Recently my insecurity about protecting my children hit far too close to home. It started with a tip from a friend whose daughter goes to a private school in our town. My friend said the school alerted all parents that someone had attempted to abduct a child from another private school just a few miles away.
She didn't know the name of the school, but I knew the day and enough other information to call police and request a police report.
I confirmed within just minutes of beginning my own investigation that a middle school aged boy waiting for his parents to pick him up after football practice was approached by a man, who actually informed the child he'd been sent by his dad to pick him up.
This boy avoided being snatched by the bad guy because he was armed with a simple tool his parents thought was important to keep him safe, a code word. The boy didn't budge when the man said, "Your dad is working late, and he told me to pick you." Instead the boy responded, "What's the code word?"

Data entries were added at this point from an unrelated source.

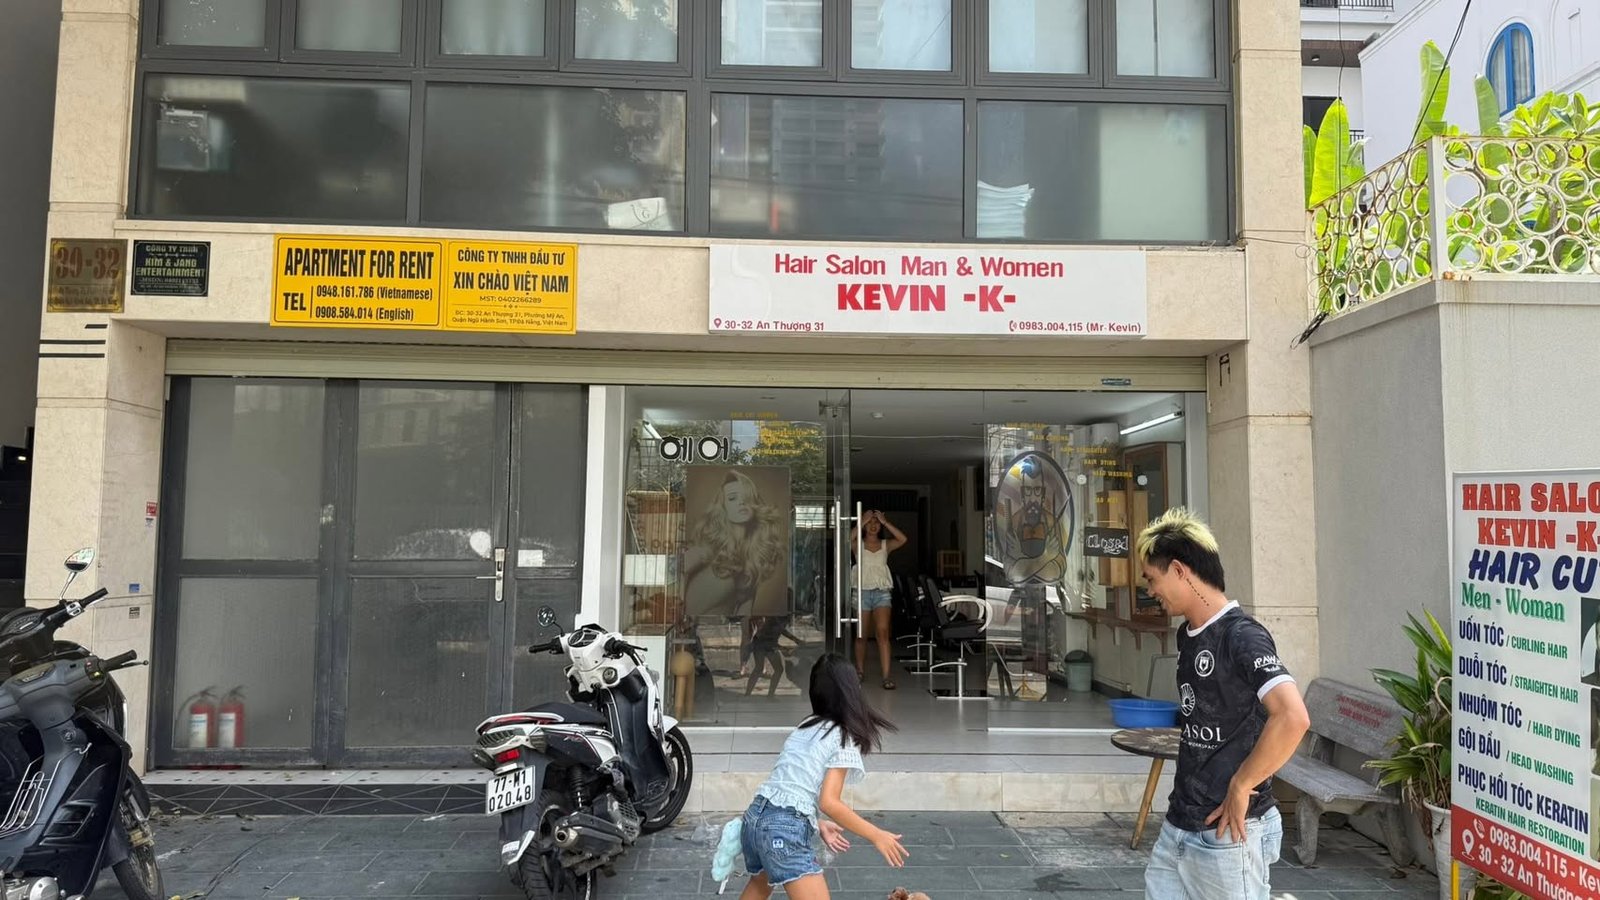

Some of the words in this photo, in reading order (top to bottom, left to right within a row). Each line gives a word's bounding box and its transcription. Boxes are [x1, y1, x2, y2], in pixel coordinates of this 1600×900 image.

[145, 257, 163, 267] KIM
[165, 259, 171, 267] &
[174, 258, 198, 268] JANG
[284, 247, 366, 277] APARTMENT
[370, 250, 395, 279] FOR
[399, 250, 434, 279] RENT
[458, 247, 485, 263] CÔNG
[487, 250, 499, 264] TY
[502, 250, 528, 265] TNHH
[530, 248, 550, 266] ĐẦU
[552, 251, 566, 266] TƯ
[774, 253, 818, 275] Hair
[825, 254, 886, 275] Salon
[901, 255, 947, 276] Man
[956, 256, 974, 276] &
[980, 256, 1064, 278] Women
[136, 267, 206, 277] ENTERTAINMENT
[453, 271, 475, 290] XIN
[478, 269, 510, 291] CHÀO
[513, 270, 538, 295] VIỆT
[541, 275, 569, 293] NAM
[283, 292, 307, 311] TEL
[316, 285, 374, 298] 0948.161.786
[377, 286, 433, 301] (Vietnamese)
[837, 283, 946, 312] KEVIN
[963, 284, 1017, 312] -K-
[315, 306, 373, 320] 0908.584.014
[376, 307, 414, 322] (English)
[724, 320, 753, 330] 30-32
[756, 320, 770, 330] An
[773, 320, 811, 332] Thượng
[814, 321, 825, 331] 31
[1019, 321, 1083, 332] 0983.004.115
[1108, 321, 1141, 333] Kevin)
[1461, 483, 1522, 512] HAIR
[1477, 517, 1557, 550] KEVIN
[1468, 548, 1541, 590] HAIR
[1552, 554, 1600, 594] CU
[1461, 581, 1492, 610] Men
[1505, 587, 1566, 623] Woman
[1459, 614, 1481, 643] UỐN
[1483, 621, 1504, 648] TÓC
[1511, 635, 1546, 655] CURLING
[1547, 643, 1568, 660] HAIR
[1459, 652, 1484, 680] DUỖI
[1486, 659, 1507, 686] TÓC
[1514, 674, 1559, 700] STRAIGHTEN
[1559, 687, 1579, 704] HAIR
[1458, 691, 1498, 722] NHUỘM
[1500, 701, 1522, 729] TÓC
[1532, 720, 1551, 739] HAIR
[1554, 727, 1581, 749] DYING
[1458, 726, 1476, 754] GỘI
[1478, 730, 1501, 760] ĐẦU
[1511, 751, 1532, 771] HEAD
[1534, 759, 1574, 786] WASHING
[493, 770, 527, 794] 77-M1
[488, 785, 532, 812] 020.48
[1457, 763, 1486, 793] PHỤC
[1489, 771, 1508, 801] HỒI
[1510, 782, 1533, 811] TÓC
[1536, 793, 1589, 835] KERATIN
[1475, 796, 1506, 821] KERATIN
[1507, 810, 1527, 829] HAIR
[1527, 819, 1585, 856] RESTORATION
[1478, 843, 1492, 866] 30
[1500, 854, 1515, 878] 32
[1517, 862, 1534, 888] An
[1489, 825, 1569, 879] 0983.004.115
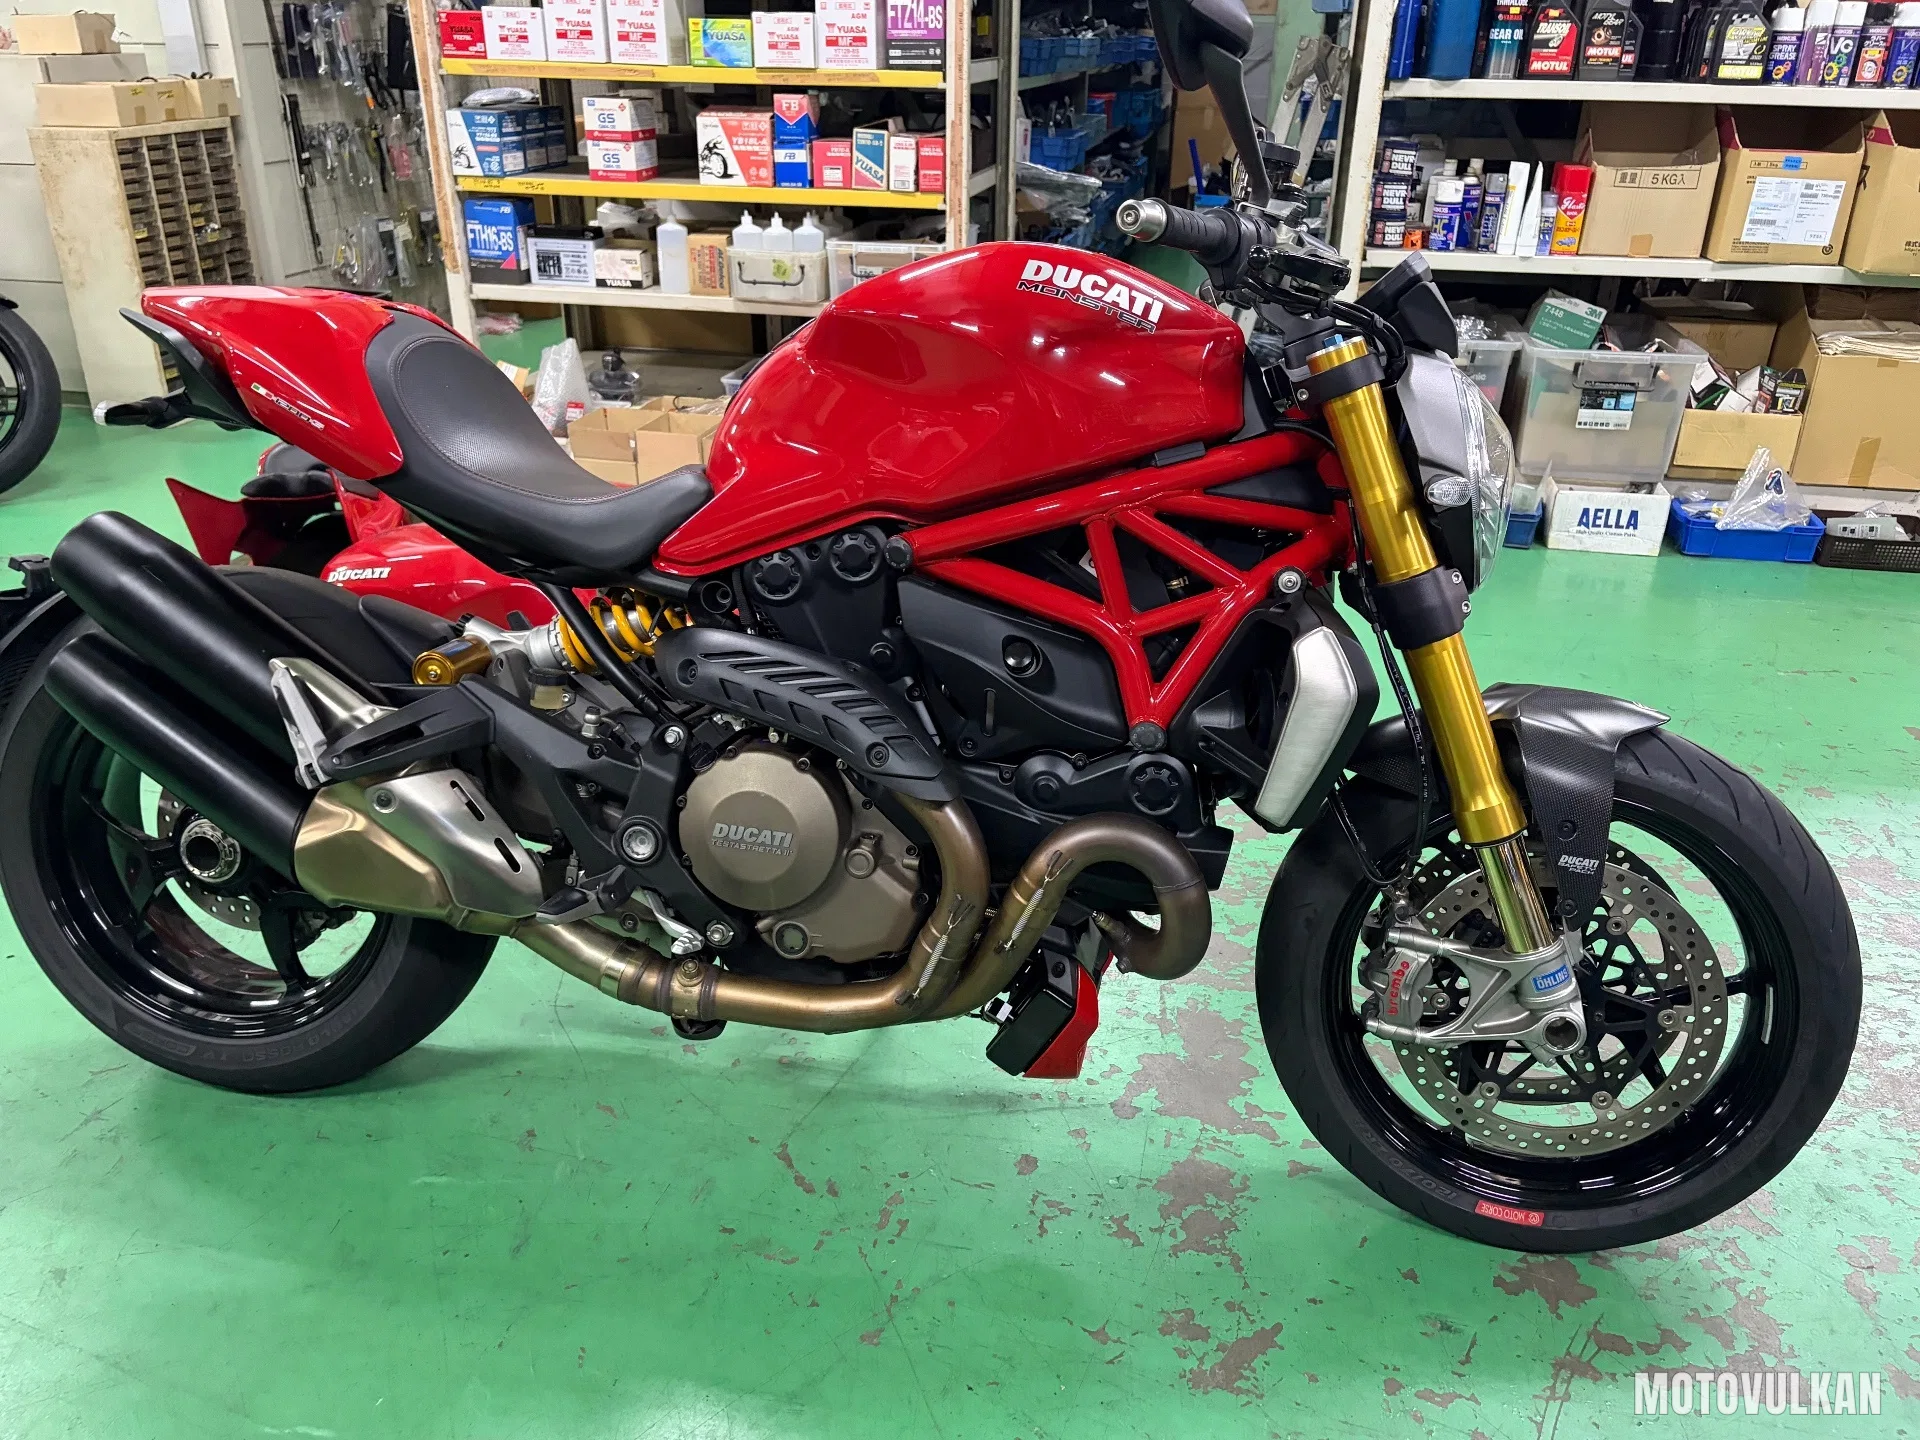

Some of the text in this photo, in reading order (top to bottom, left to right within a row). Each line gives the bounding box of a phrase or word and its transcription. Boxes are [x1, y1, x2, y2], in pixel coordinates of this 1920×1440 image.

[888, 0, 943, 29] FTZ14-BS
[565, 20, 592, 28] YUASA
[628, 22, 655, 30] YUASA
[836, 25, 867, 34] YUASA
[567, 30, 580, 39] MF
[628, 32, 643, 41] MF
[708, 31, 746, 41] YUASA
[1489, 28, 1512, 40] GEAR
[838, 36, 853, 46] MF
[1587, 46, 1620, 57] MOTUL
[1772, 44, 1797, 52] SPRAY
[1768, 52, 1798, 60] GREASE
[1529, 60, 1569, 71] MOTUL
[782, 100, 799, 110] FB
[598, 113, 616, 123] GS
[603, 153, 620, 163] GS
[783, 152, 797, 160] FB
[855, 156, 884, 184] YUASA
[1391, 162, 1412, 171] DULL
[1383, 197, 1405, 206] DULL
[500, 206, 511, 214] FB
[467, 223, 514, 252] FTH16-BS
[605, 280, 632, 288] YUASA
[1021, 259, 1164, 324] DUCATI
[1016, 281, 1156, 334] MONSTER
[1544, 305, 1565, 318] 7448
[1585, 306, 1603, 320] 3M
[1577, 507, 1639, 530] AELLA
[327, 566, 392, 583] DUCATI
[712, 822, 794, 848] DUCATI
[711, 839, 783, 856] TESTASTRETTA
[1559, 854, 1600, 868] DUCATI
[1536, 967, 1569, 990] ÖHLINS
[1387, 960, 1411, 1016] brembo
[1481, 1203, 1525, 1222] MOTO CORSE

Police say that simple act may have saved the child's life. The student told police that the "bad guy" just stared at him for a moment, then drove away. The boy's parents immediately reported the incident to police, but no one was arrested.
While I was busy asking school officials and others lots of questions about the abduction attempt, someone let it slip that a similar incident happened at another private school just days before.
I confirmed that in the previous case a man in a red pick up truck approached an elementary school aged boy and tried to get him into the vehicle. It happened in the middle of the day, during afternoon pick up, with lots of adults around.
Police say the man attracted the attention of parents and once he realized the child was not going to jump in the truck, he sped off.
I was able to track down this boy's father. The boy is 6-years-old and the details his dad gave me sent chills all over me. In his case, the would-be abductor actually had a card made with the child's name on it and his teacher's name and displayed it in his car window.
It was the same sort of sign the school gives out to parents picking up their kids. Fortunately a teacher saw the man and the sign, then noticed the child's father a few cars back and went to ask him if someone else had come to pick up his son.
The man took off without ever approaching the child. Wow! How scary is that. It's been 3-weeks now and no one has been arrested. The FBI is investigating.
I took the opportunity to talk with my son again, this time armed with information about strangers trying to pick up 2-boys in our own backyard. I think my son took it seriously this time.
I also talked with his teacher and principal about safety procedures at his school. They have used the opportunity as a teaching tool, and I was thrilled to learn other schools in the area are tightening security measures too.
Police aren't yet sure if the 2-attempted abduction cases are connected, but at least one bad guy is still out there stalking our children. It's too late if he is successful in snatching a child. Take any measures necessary to protect yours.